Logo Questions Linux Laravel Mysql Ubuntu Git Menu
 

Arrange/distribute array items uniformly

I have a multidimensional associative array with a type property. It looks like this:

$data = array(
  array( "name" => "SomeName", "type" => "A"),
  array( "name" => "SomeName", "type" => "A"),
  array( "name" => "SomeName", "type" => "A"),
  array( "name" => "SomeName", "type" => "A"),
  array( "name" => "SomeName", "type" => "A"),
  array( "name" => "SomeName", "type" => "B"),
  array( "name" => "SomeName", "type" => "B"),
  array( "name" => "SomeName", "type" => "B"),
  array( "name" => "SomeName", "type" => "C"),
  array( "name" => "SomeName", "type" => "C")
);

I want to rearrange it to make the items more equally distributed (with least amount of repetitive types if possible).
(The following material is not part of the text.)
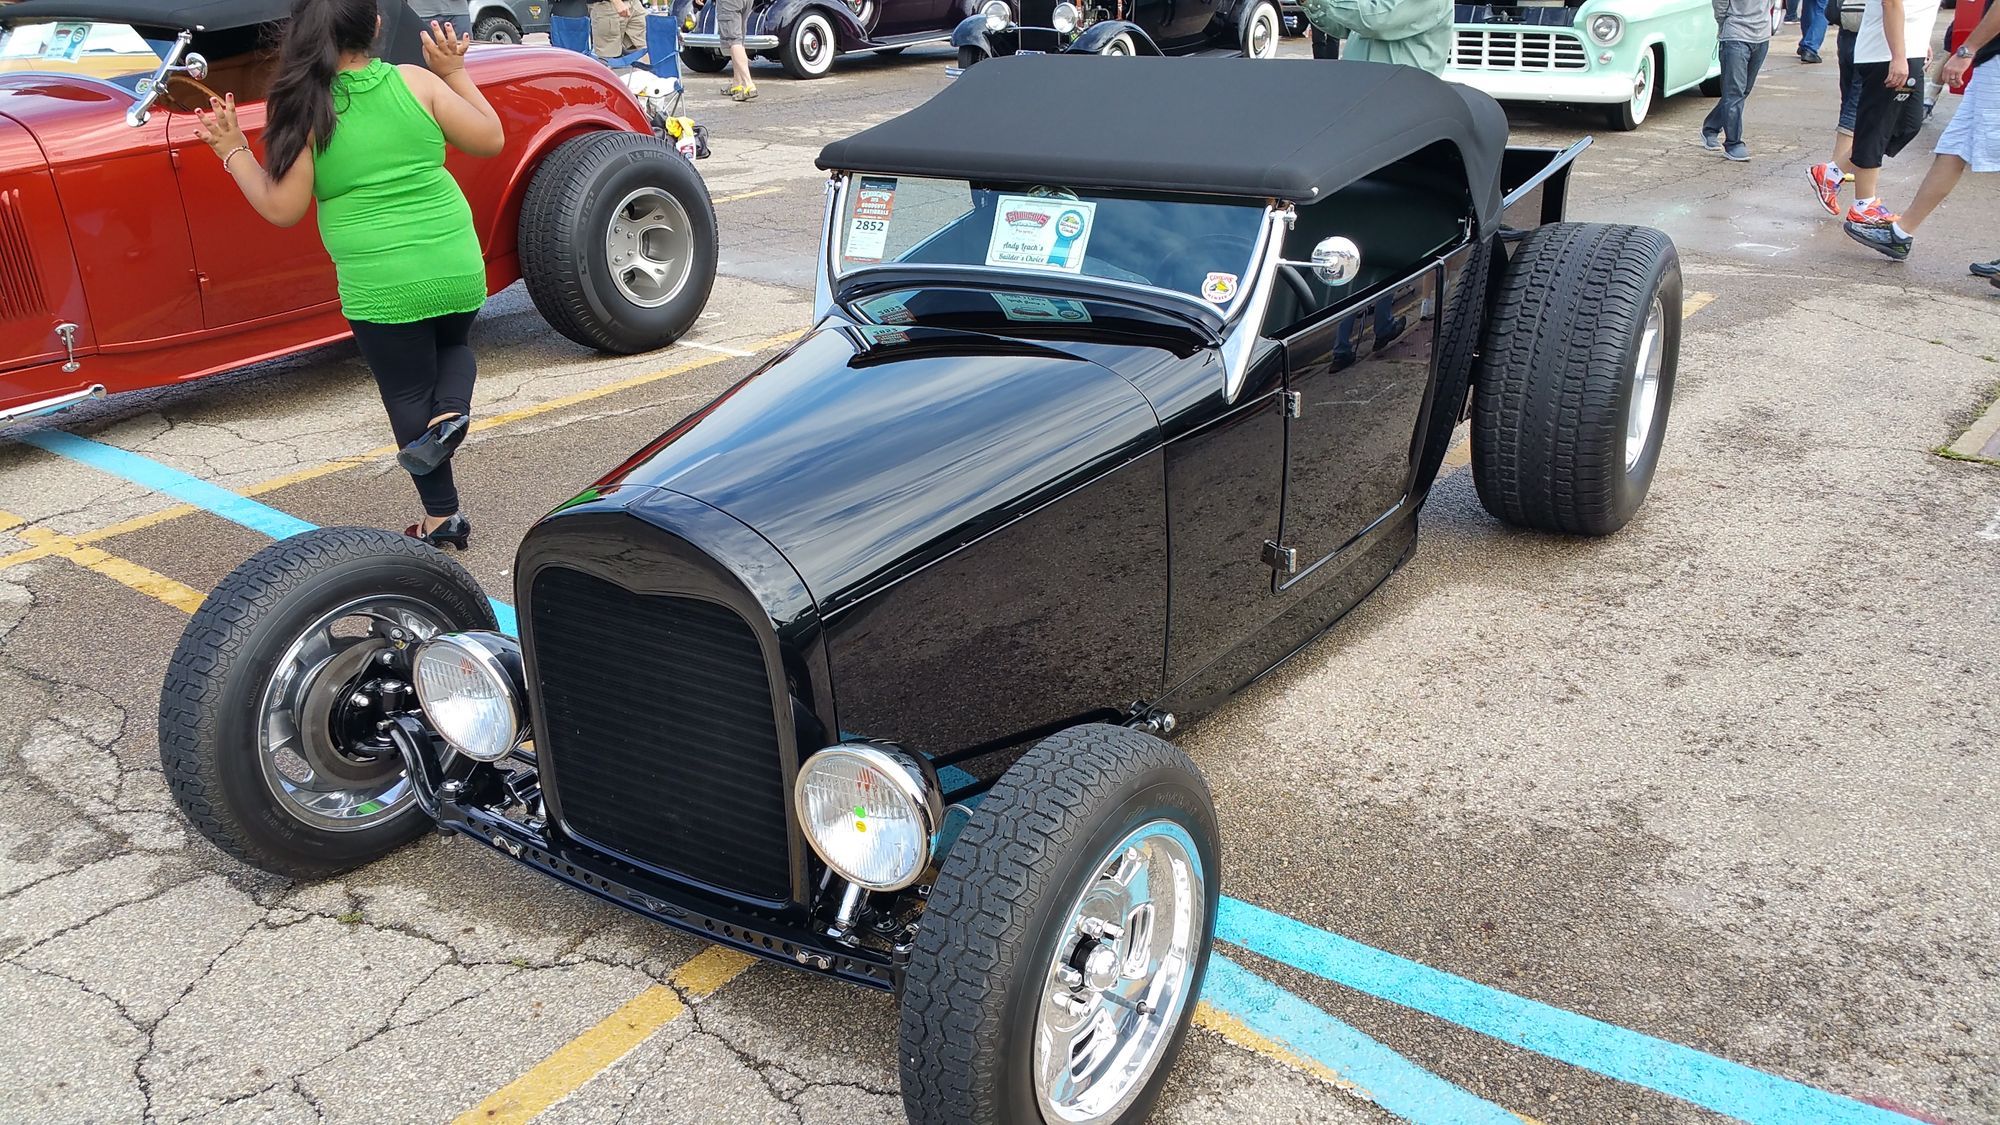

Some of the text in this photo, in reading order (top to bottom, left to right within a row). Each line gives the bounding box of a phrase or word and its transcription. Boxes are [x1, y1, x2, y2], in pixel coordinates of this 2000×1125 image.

[856, 220, 884, 231] 2852
[1003, 241, 1020, 251] Andy
[1025, 254, 1045, 263] Choice
It should look like this:

array(
  array( "name" => "SomeName", "type" => "A"),
  array( "name" => "SomeName", "type" => "B"),
  array( "name" => "SomeName", "type" => "A"),
  array( "name" => "SomeName", "type" => "C"),
  array( "name" => "SomeName", "type" => "A"),
  array( "name" => "SomeName", "type" => "B"),
  array( "name" => "SomeName", "type" => "A"),
  array( "name" => "SomeName", "type" => "C"),
  array( "name" => "SomeName", "type" => "A"),
  array( "name" => "SomeName", "type" => "B")
);

What I've tried so far was to find the count for each type and the total:

$count_a = 5;
$count_b = 3;
$count_c = 2;
$total = 10;

And also the rate ratio for each type:

$ratio_a = 0.5; //(5/10)
$ratio_b = 0.3; //(3/10)
$ratio_c = 0.2; //(2/10)

I'm just stuck here. Should I try to make a new property index with a number and then sort based on it? Or maybe use modulo operator somehow? I've also tried separating the items into 3 different arrays if that makes it any easier.

like image 817
Miro Avatar asked Feb 09 '17 22:02

Miro


4 Answers

Here's a solution that avoids repeating patterns whenever possible.
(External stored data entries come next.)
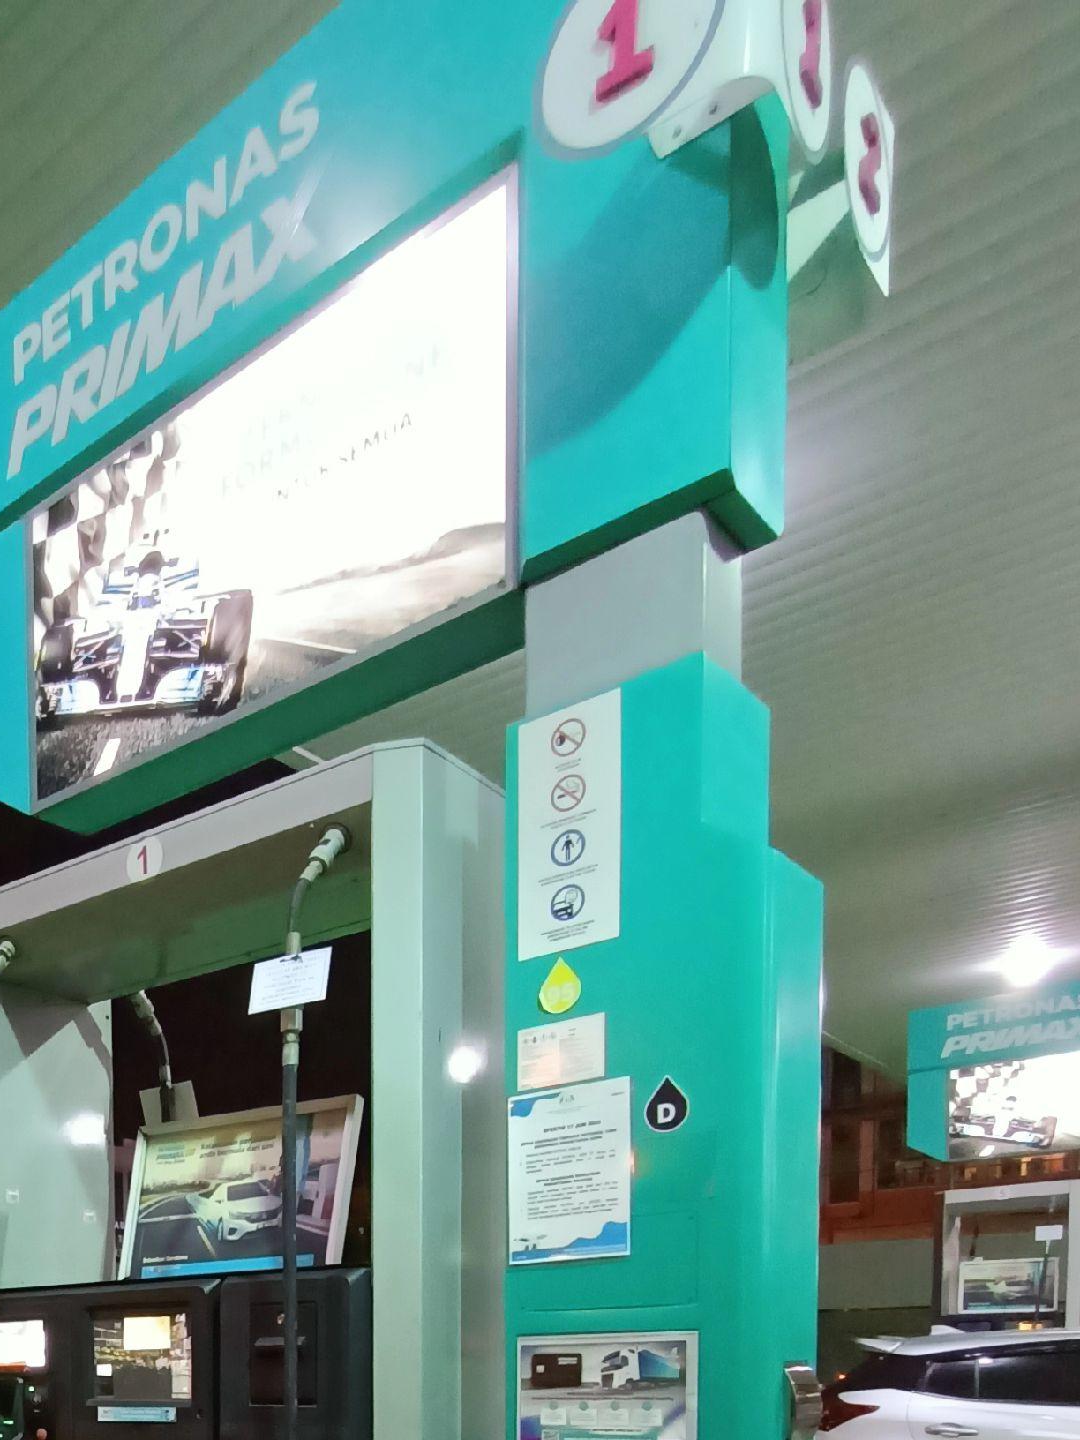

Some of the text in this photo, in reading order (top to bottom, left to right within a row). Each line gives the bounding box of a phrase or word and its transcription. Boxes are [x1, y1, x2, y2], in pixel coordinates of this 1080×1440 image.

[596, 0, 653, 104] 1
[13, 81, 319, 385] PETRONAS
[7, 196, 317, 480] PRIMAX
[137, 845, 147, 875] 1
[947, 995, 1080, 1031] PETRONA
[657, 1103, 676, 1124] D
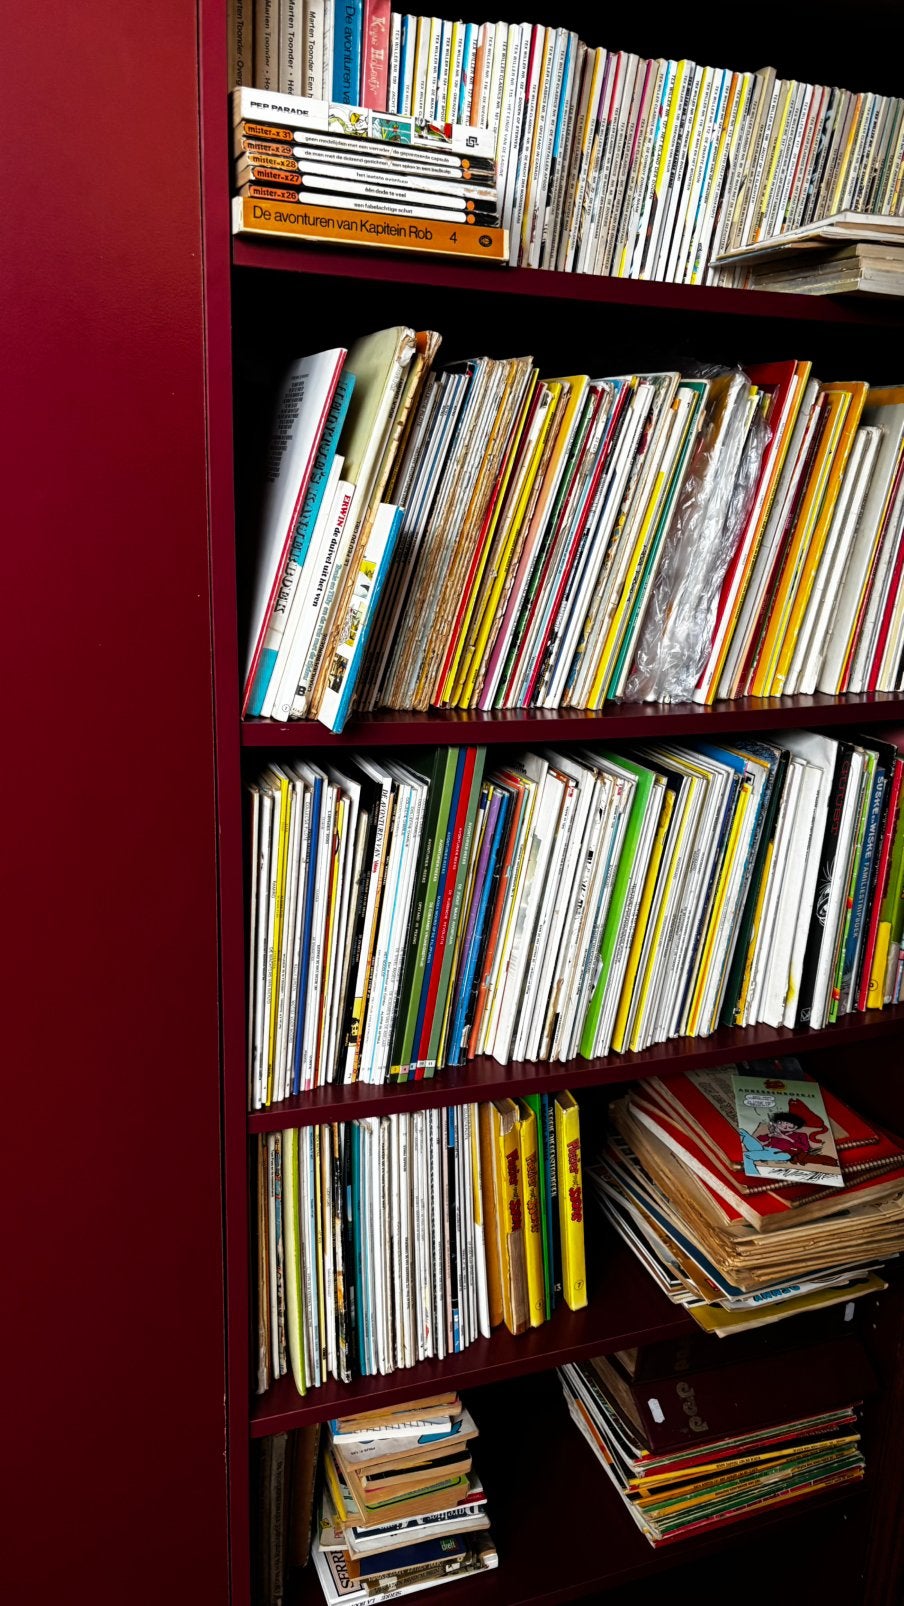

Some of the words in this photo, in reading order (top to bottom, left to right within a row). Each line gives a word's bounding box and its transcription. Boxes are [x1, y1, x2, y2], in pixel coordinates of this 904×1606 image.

For AAAAABBBCC it would generate ABABABACAC;

For AAAAABBBCCC it would generate ABCABABACAC;

Apart from sorting by type count, it runs in linear time (it accepts an unsorted data array). The result is in $distributed_data. For explanation see below.

Code

$data = array(
  array( "name" => "SomeName", "type" => "A"),
  array( "name" => "SomeName", "type" => "A"),
  array( "name" => "SomeName", "type" => "A"),
  array( "name" => "SomeName", "type" => "B"),
  array( "name" => "SomeName", "type" => "B"),
);

$distributed_data = array();
$counts = array();
$size = sizeof($data);

// Count values
foreach ($data as $entry) {
  $counts[$entry["type"]] = isset($counts[$entry["type"]]) ? $counts[$entry["type"]] + 1 : 1;
}

// Set counter
for ($i = 0; $i < $size; $i++) {
  $data[$i]["count"] = $counts[$data[$i]["type"]];
}

// Sort by count
usort($data, function($entry1, $entry2) {
    return $entry2["count"] <=> $entry1["count"];
});

// Generate the distributed array
$max_length = $data[0]["count"];
$rows = ceil($size / $max_length);
$last_row = ($size - 1) % $max_length + 1;
$row_cycle = $rows;

$row = 0;
$col = 0;
for ($i = 0; $i < $size; $i++) {
  if ($i == $rows * $last_row) {
    $row_cycle -= 1;
  }

  $distributed_data[$i] = $data[$row * $max_length + $col];

  $row = ($row + 1) % $row_cycle;
  if ($row == 0) {
    $col++;
  }
}

Explanation

First, order the entries according to the number of repetitions each type has. E.g. CBBCAAB becomes BBBAACC.

Then imagine a table that has as many columns as the most frequent occurrence (e.g. if you have AAAABBCC, the most frequent occurrence would be 4, and the table would have 4 columns).

Then write all entries into the table, left to right, jumping to new row as necessary.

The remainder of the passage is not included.